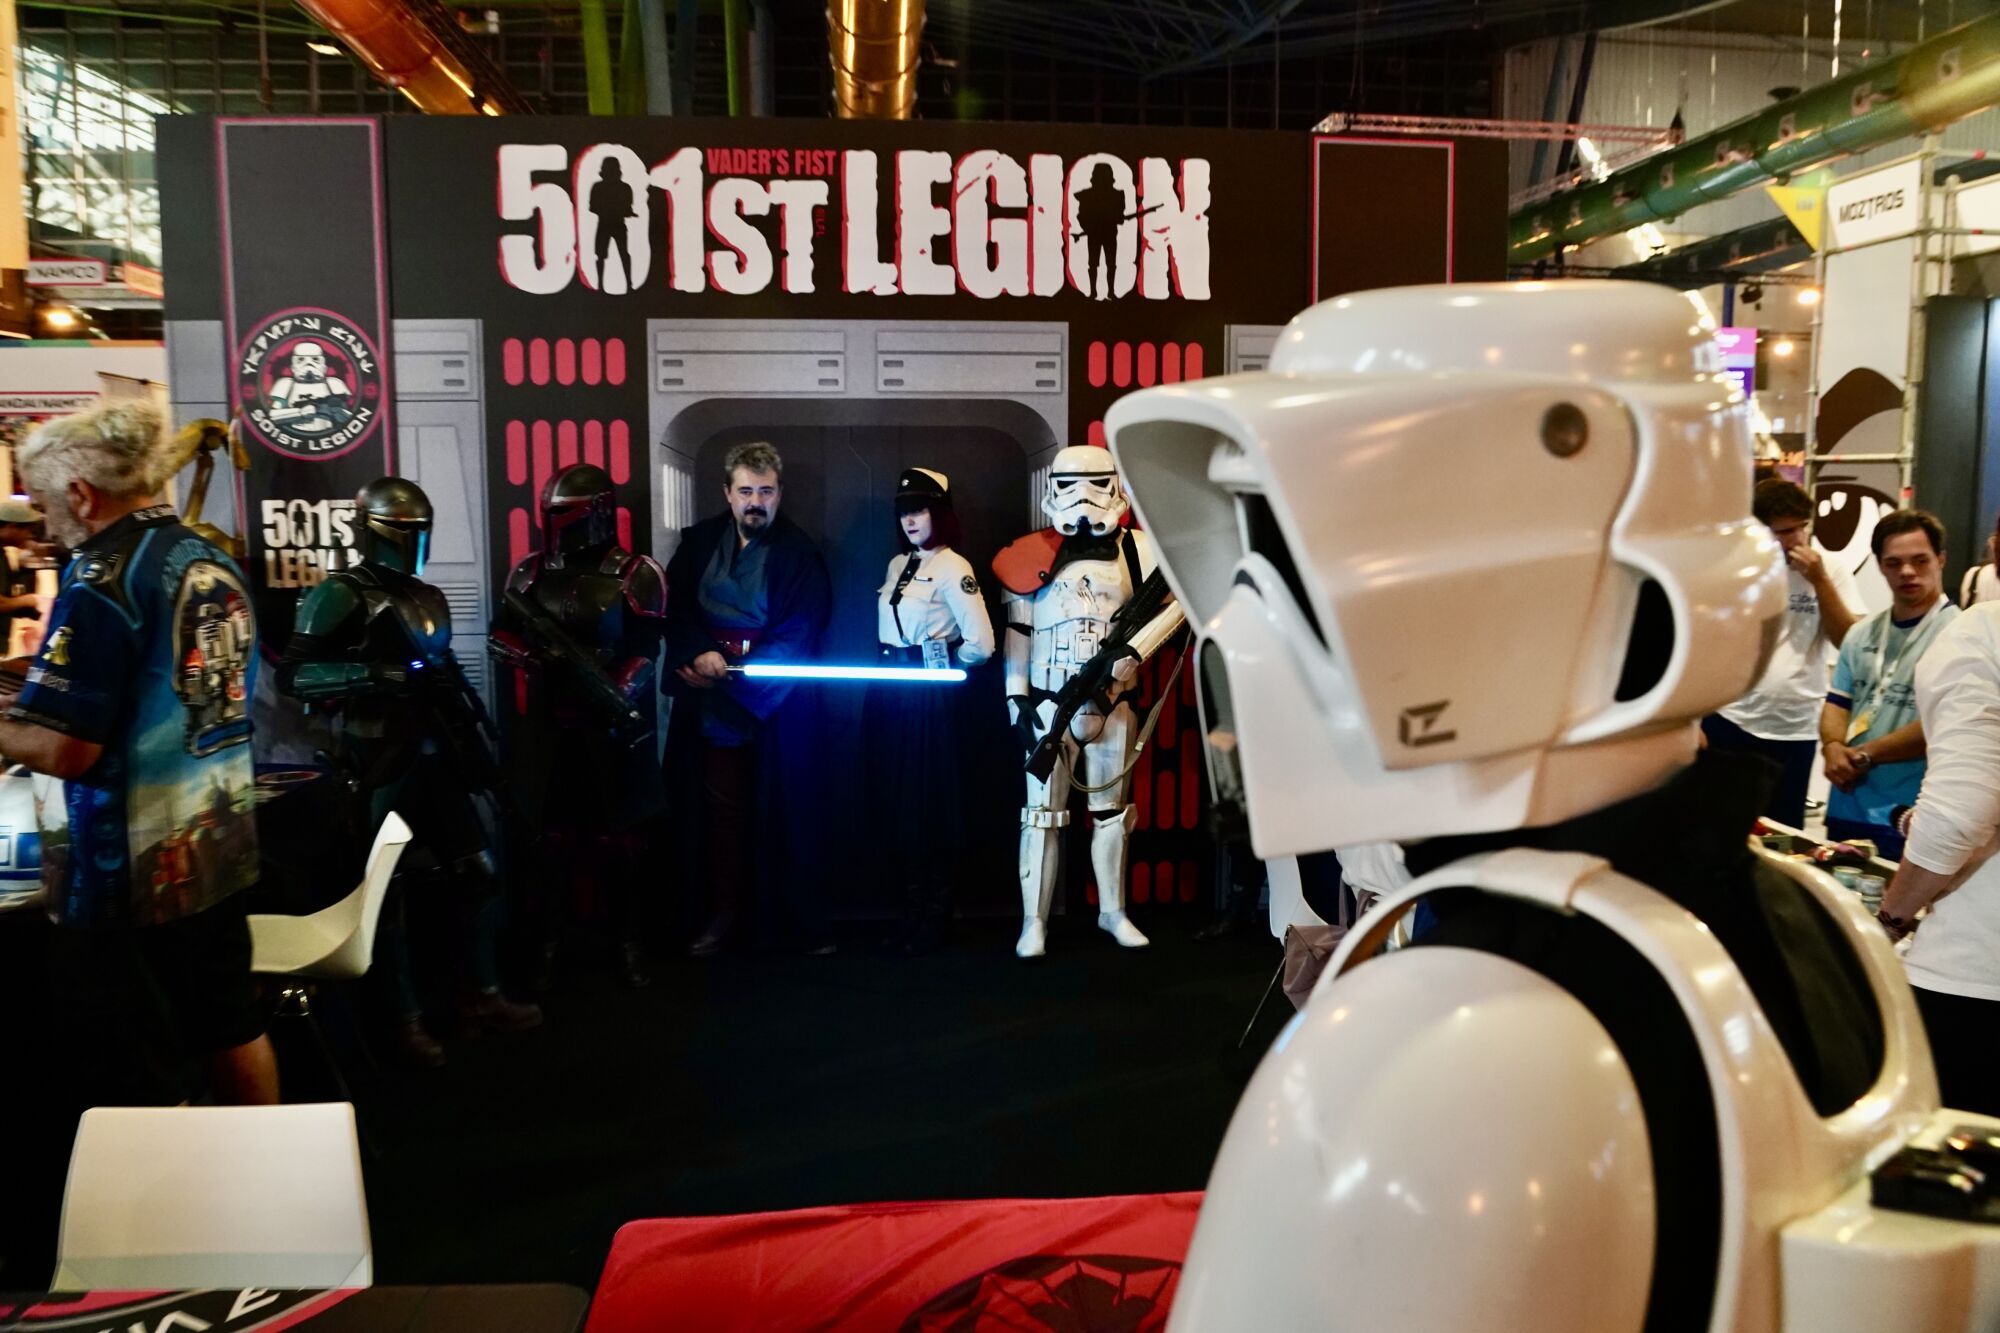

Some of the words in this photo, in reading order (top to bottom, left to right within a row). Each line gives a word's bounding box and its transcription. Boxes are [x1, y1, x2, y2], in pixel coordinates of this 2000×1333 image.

[706, 148, 790, 176] VADER'S
[795, 149, 836, 176] FIST
[497, 143, 829, 295] 501ST
[841, 149, 1211, 301] LEGION
[1838, 189, 1905, 225] MOZTROS
[35, 265, 98, 279] NAMCO
[251, 408, 303, 449] 501ST
[308, 406, 373, 451] LEGION
[261, 498, 357, 548] 501S

☆ ☆ ☆ ☆ ☆ ☆ ☆

Directions: Transcribe the records above exactly as they appear, leaving out any pictures.

Answer space:
Some of the words in this photo, in reading order (top to bottom, left to right within a row). Each line gives a word's bounding box and its transcription. Boxes are [x1, y1, x2, y2], in pixel coordinates of this 2000×1333 image.

[706, 148, 790, 176] VADER'S
[795, 149, 836, 176] FIST
[497, 143, 829, 295] 501ST
[841, 149, 1211, 301] LEGION
[1838, 189, 1905, 225] MOZTROS
[35, 265, 98, 279] NAMCO
[251, 408, 303, 449] 501ST
[308, 406, 373, 451] LEGION
[261, 498, 357, 548] 501S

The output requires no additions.